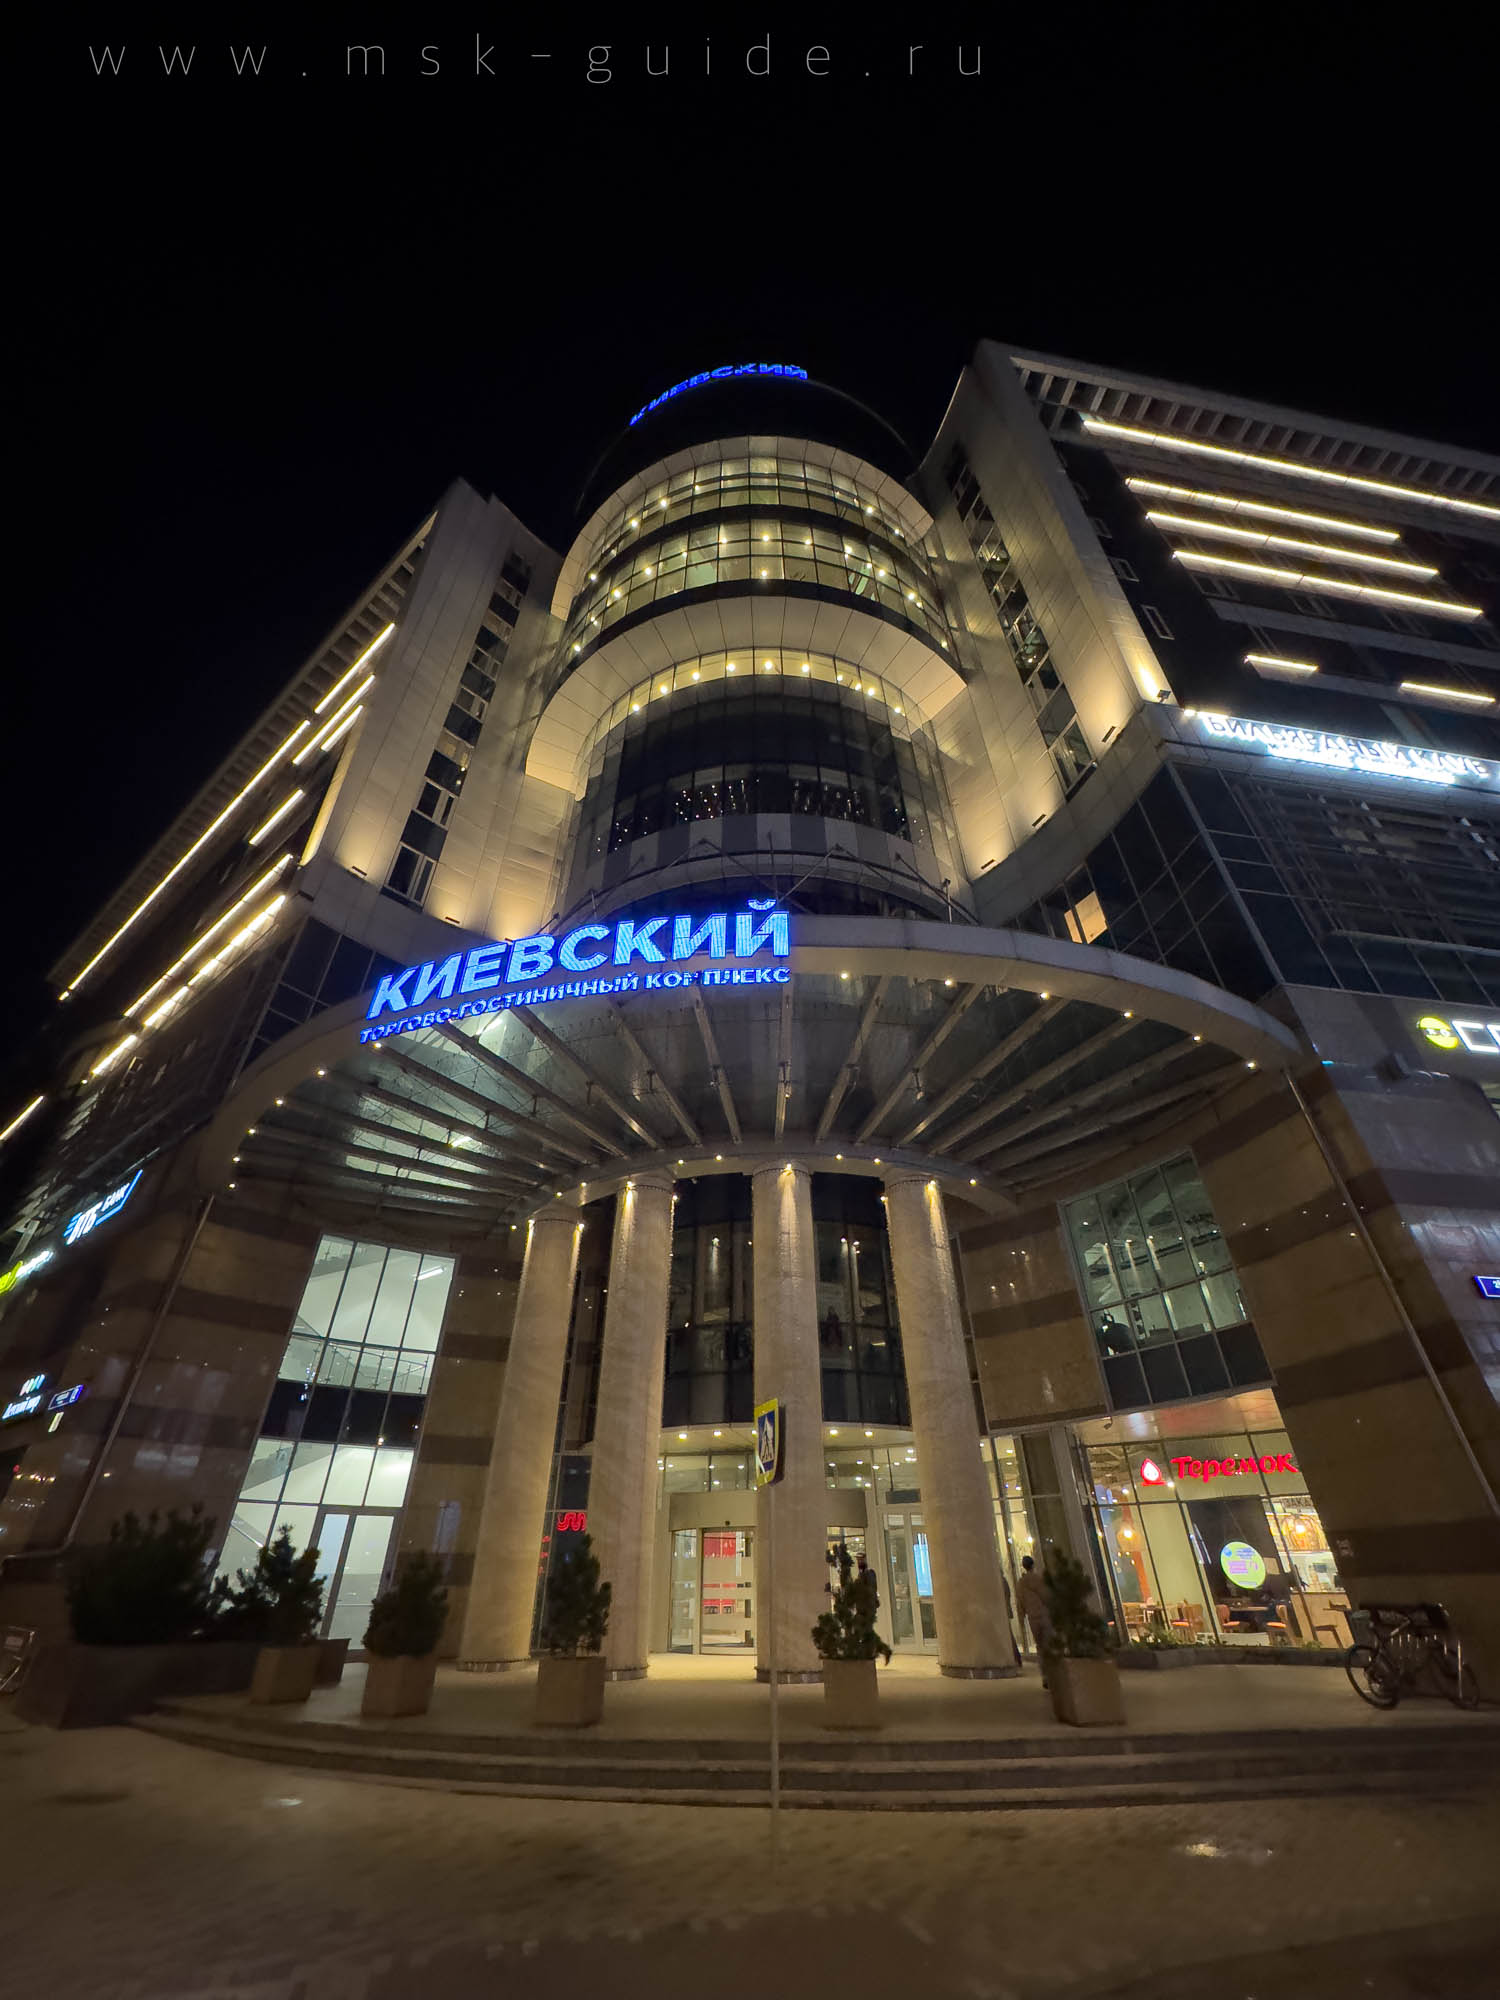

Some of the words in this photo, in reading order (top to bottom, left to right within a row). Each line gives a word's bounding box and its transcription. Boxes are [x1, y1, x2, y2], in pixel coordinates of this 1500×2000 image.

[366, 898, 791, 1020] КИЕВСКИЙ
[360, 970, 640, 1044] ТОРГОВО-ГОСТИНИЧНЫЙ
[1169, 1452, 1299, 1484] Теремок
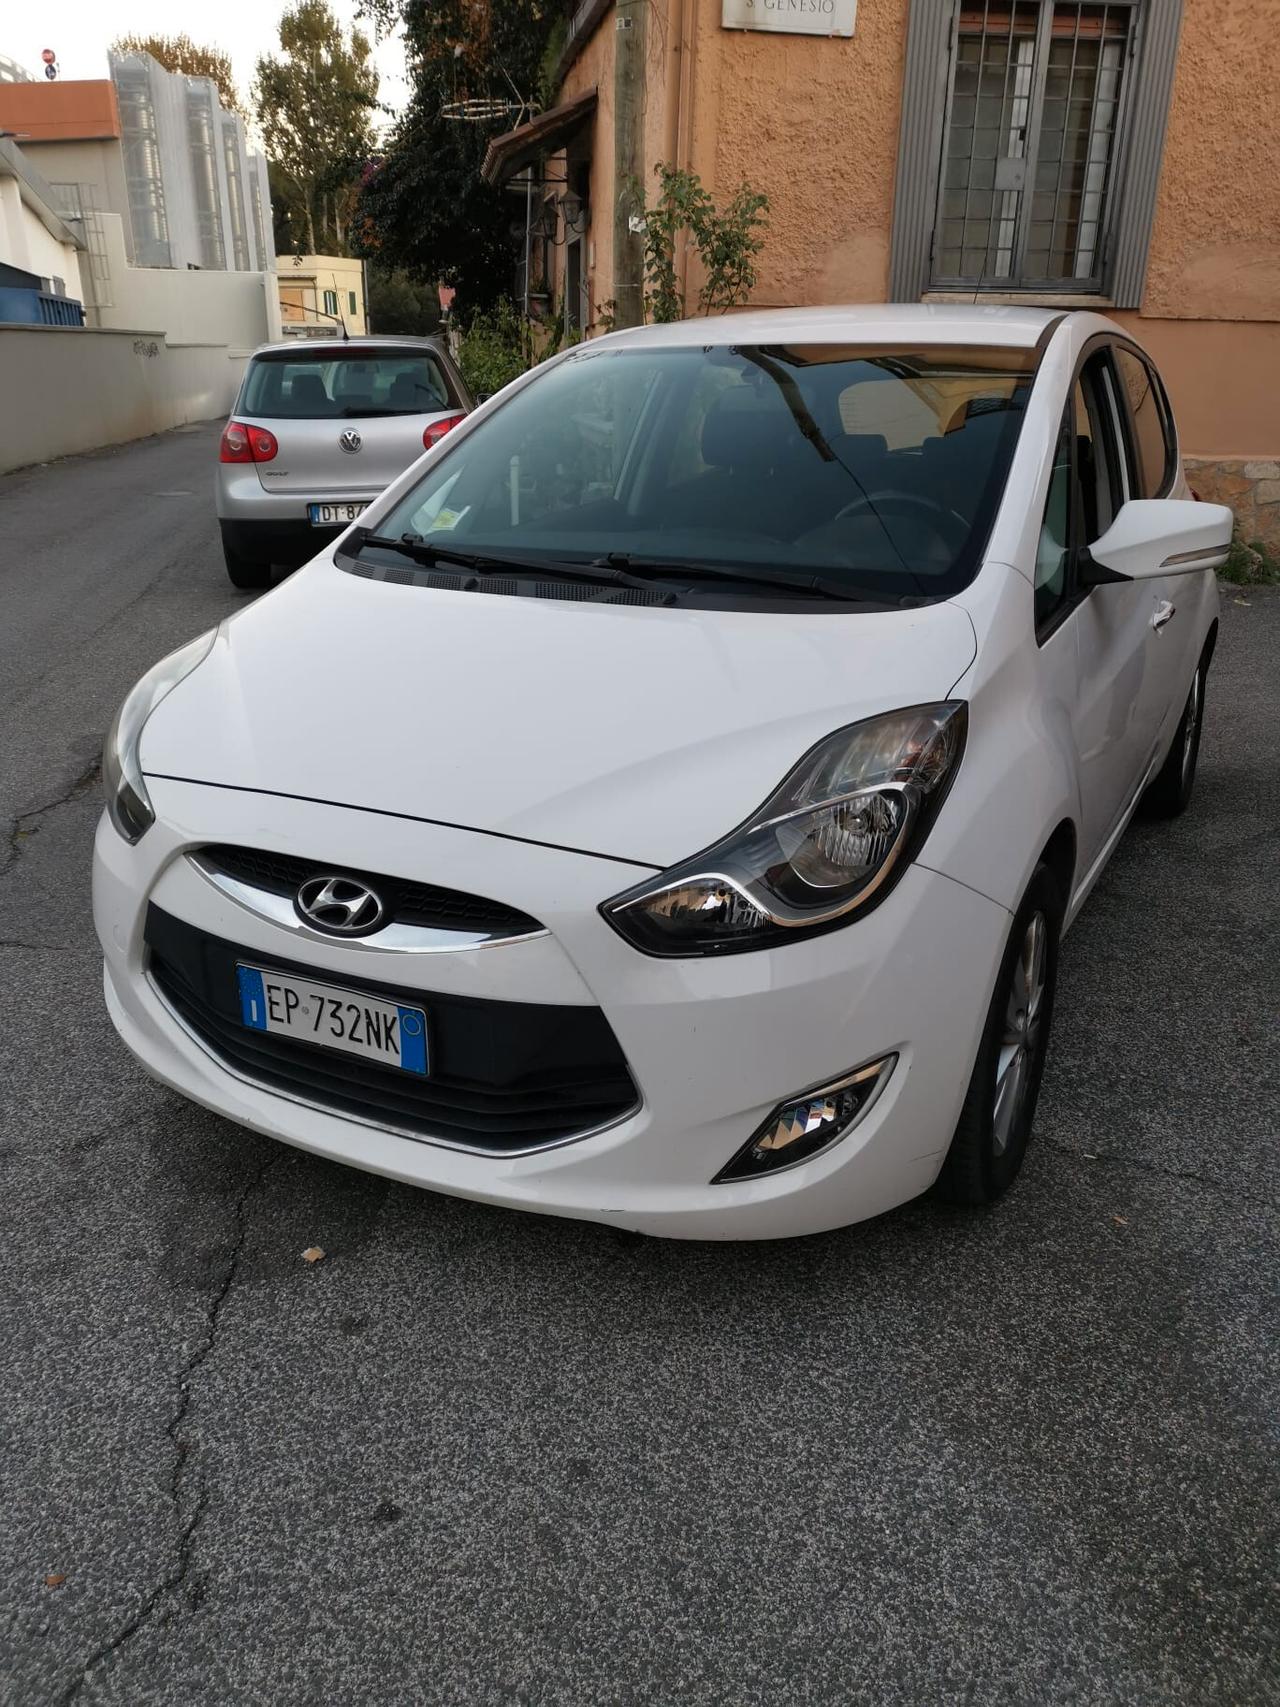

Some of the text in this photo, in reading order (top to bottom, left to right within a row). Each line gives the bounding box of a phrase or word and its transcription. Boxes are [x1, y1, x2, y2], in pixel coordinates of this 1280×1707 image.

[764, 0, 834, 13] GENESIO
[322, 506, 340, 521] DT
[267, 984, 399, 1055] EP 732NK
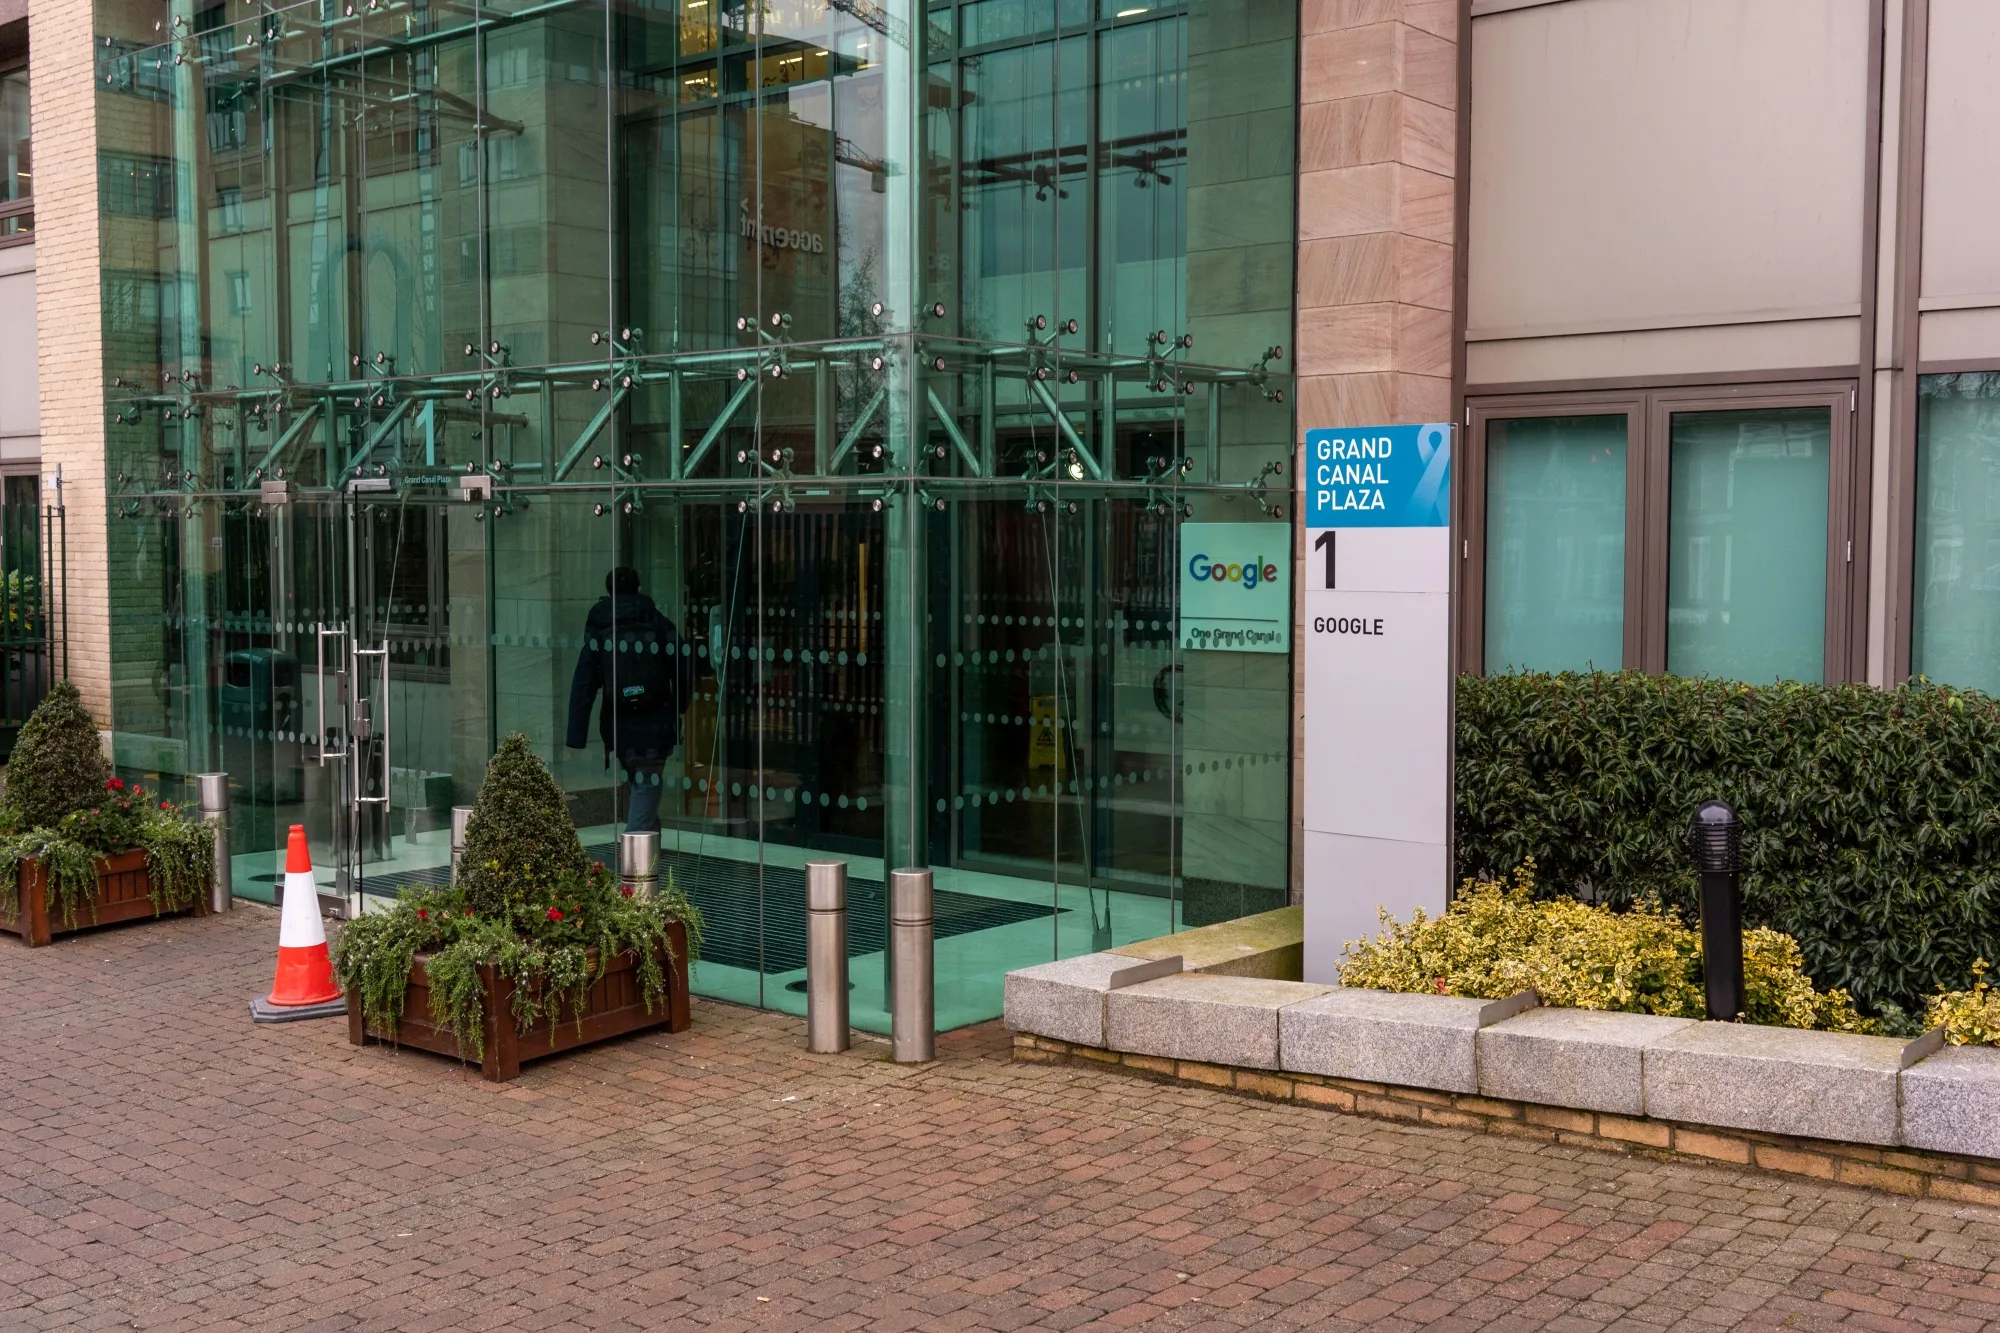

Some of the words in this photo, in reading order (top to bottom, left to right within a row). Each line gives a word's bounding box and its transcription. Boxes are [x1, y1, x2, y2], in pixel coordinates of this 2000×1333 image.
━━━━━━━━━━━━━━━━
EXERCISE DETAILS: Reproduce the full listing faithfully, but do not carry over any pictures.

YOUR SOLUTION:
Some of the words in this photo, in reading order (top to bottom, left to right within a row). Each line gives a word's bounding box and its transcription. Boxes are [x1, y1, x2, y2], in pixel coordinates of this 1500×2000 image.

[366, 898, 791, 1020] КИЕВСКИЙ
[360, 970, 640, 1044] ТОРГОВО-ГОСТИНИЧНЫЙ
[1169, 1452, 1299, 1484] Теремок

Some of the text in this photo, in reading order (top to bottom, left to right within a row). Each line gives the bounding box of a phrase or word and its transcription. Boxes are [x1, y1, x2, y2], in pixel coordinates of this 1280×1707 image.

[764, 0, 834, 13] GENESIO
[322, 506, 340, 521] DT
[267, 984, 399, 1055] EP 732NK

Some of the words in this photo, in reading order (top to bottom, left to right within a row). Each line gives a word's bounding box and its transcription. Boxes are [x1, y1, x2, y2], in pixel coordinates of this 2000×1333 image.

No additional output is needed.